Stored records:
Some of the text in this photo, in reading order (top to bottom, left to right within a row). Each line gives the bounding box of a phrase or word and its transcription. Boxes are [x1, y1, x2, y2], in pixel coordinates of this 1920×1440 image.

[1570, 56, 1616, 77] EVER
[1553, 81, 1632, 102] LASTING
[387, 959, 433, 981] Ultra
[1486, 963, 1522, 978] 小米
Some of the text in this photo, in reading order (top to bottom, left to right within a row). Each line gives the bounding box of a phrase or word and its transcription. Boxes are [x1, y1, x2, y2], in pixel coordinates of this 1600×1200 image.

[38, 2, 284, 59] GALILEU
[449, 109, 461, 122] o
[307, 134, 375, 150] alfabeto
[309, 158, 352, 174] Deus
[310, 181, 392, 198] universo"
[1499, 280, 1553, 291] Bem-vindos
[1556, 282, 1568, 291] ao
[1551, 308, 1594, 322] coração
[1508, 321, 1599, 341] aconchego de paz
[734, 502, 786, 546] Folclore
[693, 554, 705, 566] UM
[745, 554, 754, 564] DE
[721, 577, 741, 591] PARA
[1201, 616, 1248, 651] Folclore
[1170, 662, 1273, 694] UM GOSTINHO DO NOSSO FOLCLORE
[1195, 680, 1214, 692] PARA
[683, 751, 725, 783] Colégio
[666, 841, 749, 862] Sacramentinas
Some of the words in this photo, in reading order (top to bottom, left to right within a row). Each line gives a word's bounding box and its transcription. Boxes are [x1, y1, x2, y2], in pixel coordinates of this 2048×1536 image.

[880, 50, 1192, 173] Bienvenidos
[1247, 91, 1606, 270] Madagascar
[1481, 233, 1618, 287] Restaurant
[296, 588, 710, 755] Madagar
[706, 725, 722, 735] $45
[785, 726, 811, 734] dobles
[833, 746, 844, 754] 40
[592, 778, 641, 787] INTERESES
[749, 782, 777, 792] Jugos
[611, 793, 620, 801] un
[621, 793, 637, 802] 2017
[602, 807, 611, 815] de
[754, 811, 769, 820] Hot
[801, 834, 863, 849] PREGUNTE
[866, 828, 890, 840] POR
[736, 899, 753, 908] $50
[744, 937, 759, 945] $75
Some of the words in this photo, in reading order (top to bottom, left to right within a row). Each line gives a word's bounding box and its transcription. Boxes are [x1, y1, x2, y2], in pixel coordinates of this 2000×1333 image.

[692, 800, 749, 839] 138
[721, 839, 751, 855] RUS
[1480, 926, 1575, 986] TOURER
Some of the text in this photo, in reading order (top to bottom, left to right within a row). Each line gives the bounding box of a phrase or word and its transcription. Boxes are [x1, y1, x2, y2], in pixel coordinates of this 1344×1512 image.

**Task goal**
Nothing is to be altered; retype each entry exactly.

**Answer for this exercise**
Some of the text in this photo, in reading order (top to bottom, left to right within a row). Each line gives the bounding box of a phrase or word and its transcription. Boxes are [x1, y1, x2, y2], in pixel coordinates of this 1920×1440 image.

[1570, 56, 1616, 77] EVER
[1553, 81, 1632, 102] LASTING
[387, 959, 433, 981] Ultra
[1486, 963, 1522, 978] 小米
Some of the text in this photo, in reading order (top to bottom, left to right within a row). Each line gives the bounding box of a phrase or word and its transcription. Boxes are [x1, y1, x2, y2], in pixel coordinates of this 1600×1200 image.

[38, 2, 284, 59] GALILEU
[449, 109, 461, 122] o
[307, 134, 375, 150] alfabeto
[309, 158, 352, 174] Deus
[310, 181, 392, 198] universo"
[1499, 280, 1553, 291] Bem-vindos
[1556, 282, 1568, 291] ao
[1551, 308, 1594, 322] coração
[1508, 321, 1599, 341] aconchego de paz
[734, 502, 786, 546] Folclore
[693, 554, 705, 566] UM
[745, 554, 754, 564] DE
[721, 577, 741, 591] PARA
[1201, 616, 1248, 651] Folclore
[1170, 662, 1273, 694] UM GOSTINHO DO NOSSO FOLCLORE
[1195, 680, 1214, 692] PARA
[683, 751, 725, 783] Colégio
[666, 841, 749, 862] Sacramentinas
Some of the words in this photo, in reading order (top to bottom, left to right within a row). Each line gives a word's bounding box and its transcription. Boxes are [x1, y1, x2, y2], in pixel coordinates of this 2048×1536 image.

[880, 50, 1192, 173] Bienvenidos
[1247, 91, 1606, 270] Madagascar
[1481, 233, 1618, 287] Restaurant
[296, 588, 710, 755] Madagar
[706, 725, 722, 735] $45
[785, 726, 811, 734] dobles
[833, 746, 844, 754] 40
[592, 778, 641, 787] INTERESES
[749, 782, 777, 792] Jugos
[611, 793, 620, 801] un
[621, 793, 637, 802] 2017
[602, 807, 611, 815] de
[754, 811, 769, 820] Hot
[801, 834, 863, 849] PREGUNTE
[866, 828, 890, 840] POR
[736, 899, 753, 908] $50
[744, 937, 759, 945] $75
Some of the words in this photo, in reading order (top to bottom, left to right within a row). Each line gives a word's bounding box and its transcription. Boxes are [x1, y1, x2, y2], in pixel coordinates of this 2000×1333 image.

[692, 800, 749, 839] 138
[721, 839, 751, 855] RUS
[1480, 926, 1575, 986] TOURER
Some of the text in this photo, in reading order (top to bottom, left to right within a row). Each line gives the bounding box of a phrase or word and its transcription. Boxes are [x1, y1, x2, y2], in pixel coordinates of this 1344×1512 image.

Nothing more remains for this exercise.